— Да бросьте, Аркадий Климентьевич! Петр Николаевич не зайдет внезапно, больше уж нечего бояться. Ни ему, ни нам. А чего мне там наверху делать? Утешать Валентину Александровну я не умею, да и глупо это... Сам не могу утешиться, других стану уговаривать?.. Похороны организует университет Шанявского, все будет завтра как надо... Еще и придут черные сюртуки с Моховой. Со скорбными лицами, но довольные...
— Ну, ну... Это уж слишком вы!.. Конечно, осталось там много ничтожных людей, но не такие уж они негодяи, чтобы радоваться смерти такого великого ученого...
— Да не в радостях дело! Петр Николаевич вам сказал бы, что надобно больше Гёте читать!.. У него сказано точно: «Для посредственности нет большего утешения, чем то, что гений не бессмертен»... Вот говорят и пишут: «великий, великий»... Ан в сорок шесть лет и помер, а мне вот под семьдесят, и я живу... Да еще и каждый год орденок и следующий чинок огребаю... Да ну их!.. А я вот так и не успел поговорить с Петром Николаевичем! Ах, не успел!..
— О чем?
— О жизни. О жизни, Аркадий Климентьевич!.. Не о науке — тут мне с ним не о чем было разговаривать, надобно было только его слушать. А вот о жизни... Об этом не договорил... Никогда не надо откладывать разговоров с великими людьми, с умными людьми, с замечательными людьми... Потом кусаешь себе локти, да поздно!.. Да вы, милуша, не беспокойтесь. Небось Пепелаз вас послал для наведения порядка? Ничего. Завтра на похоронах буду трезвый, побритый, прилично одетый... И в морду никому не дам. Чего это днем студентов из университета так много?
— Так студенты физмата заявили преподавателям, что под впечатлением смерти Лебедева они продолжать занятия не могут... И аудитории там пусты. И в лабораториях Физического института, у Алексея Петровича Соколова, совершенно пусто.

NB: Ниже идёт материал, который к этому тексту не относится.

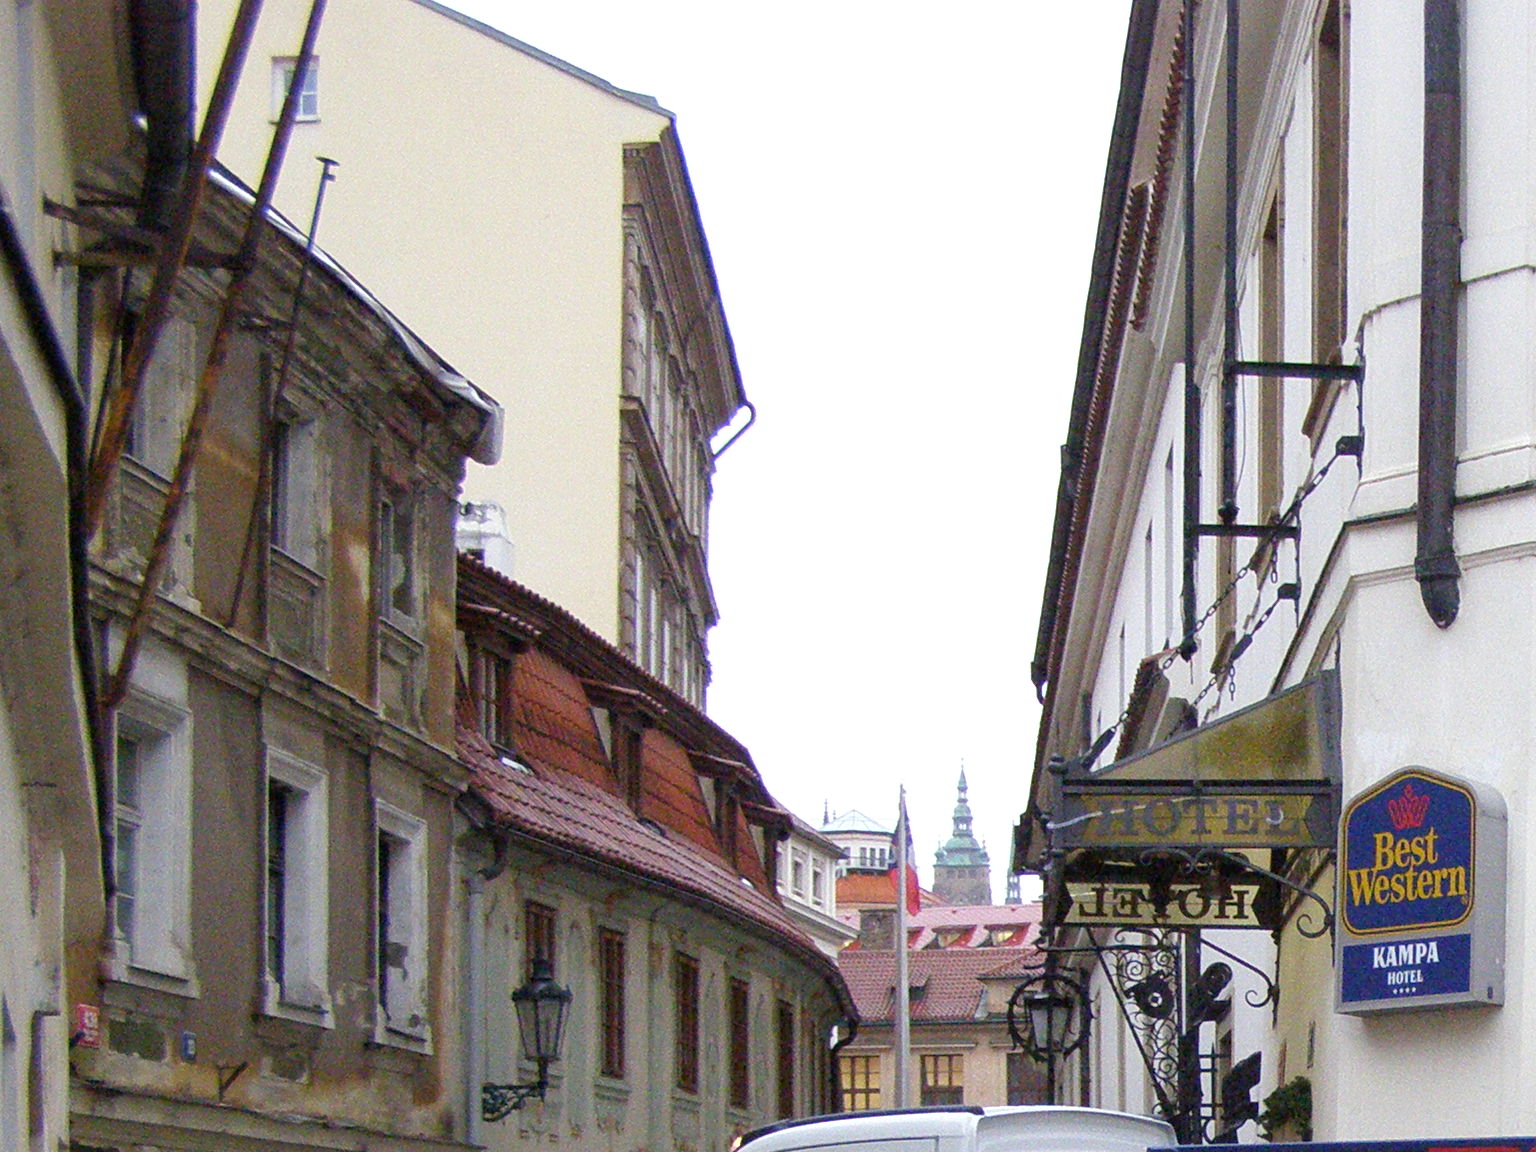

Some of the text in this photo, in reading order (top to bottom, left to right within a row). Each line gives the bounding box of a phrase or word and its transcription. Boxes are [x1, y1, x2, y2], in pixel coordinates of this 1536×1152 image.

[1094, 799, 1300, 836] HOTEL
[1373, 826, 1439, 871] Best
[1348, 864, 1468, 907] Western
[1373, 941, 1440, 969] KAMPA
[1387, 969, 1424, 986] HOTEL
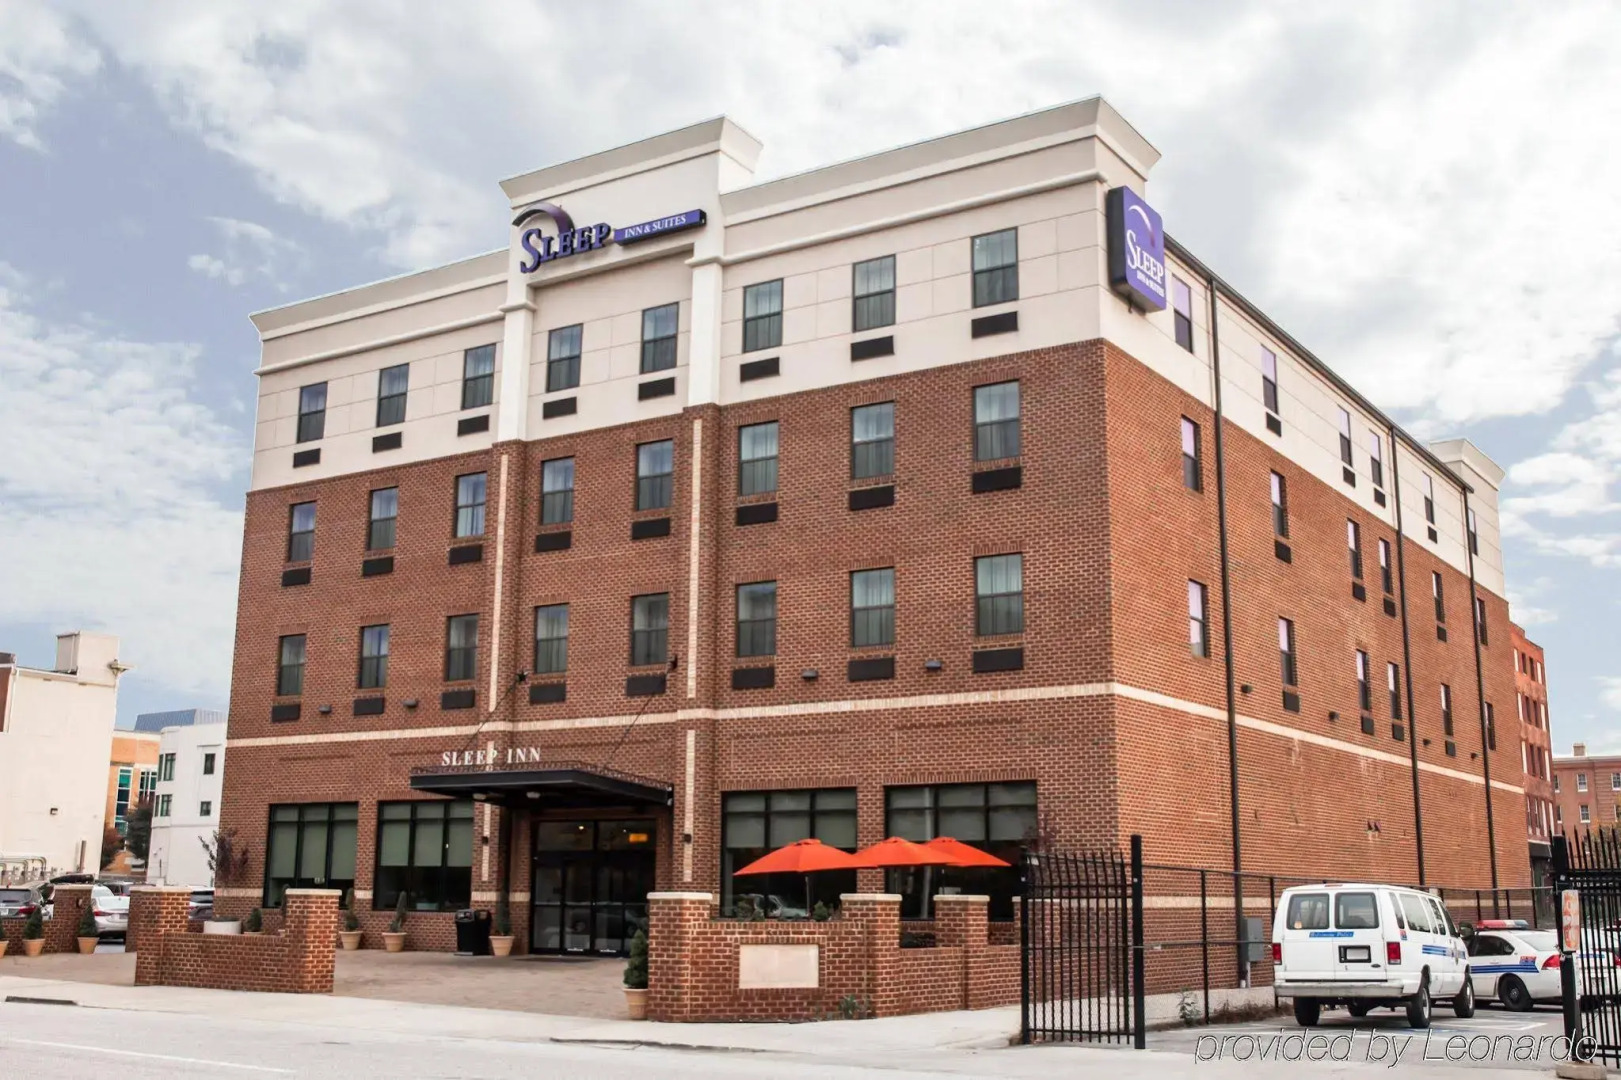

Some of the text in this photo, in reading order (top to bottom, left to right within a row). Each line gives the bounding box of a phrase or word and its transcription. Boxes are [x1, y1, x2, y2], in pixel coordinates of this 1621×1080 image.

[521, 214, 687, 273] SLEEP INN & SUITES
[1126, 229, 1164, 284] SLEEP
[441, 746, 541, 766] SLEEP INN

— Скажи на милость, как не везет начальству с Лебедевым... Ну, потерпят. Немного осталось... Идите, идите, дорогой... Успокойте Пепелаза, Александру Александровичу скажите, что Гопиус в порядке и приличие блюдет...
В воскресенье, четвертого марта, резко потеплело, подул сырой теплый ветер, плотные, слипшиеся снежинки падали с темно-серого неба косыми прямыми линиями. Мертвый переулок был запружен людьми почти до самой Пречистенки. Гроб Лебедева плыл на плечах студентов среди огромной черно-зеленой толпы. Где-то позади родных, делегаций, среди учеников Лебедева шел и Гопиус, такой, каким обещал быть: бледный, трезвый, аккуратный, мрачный...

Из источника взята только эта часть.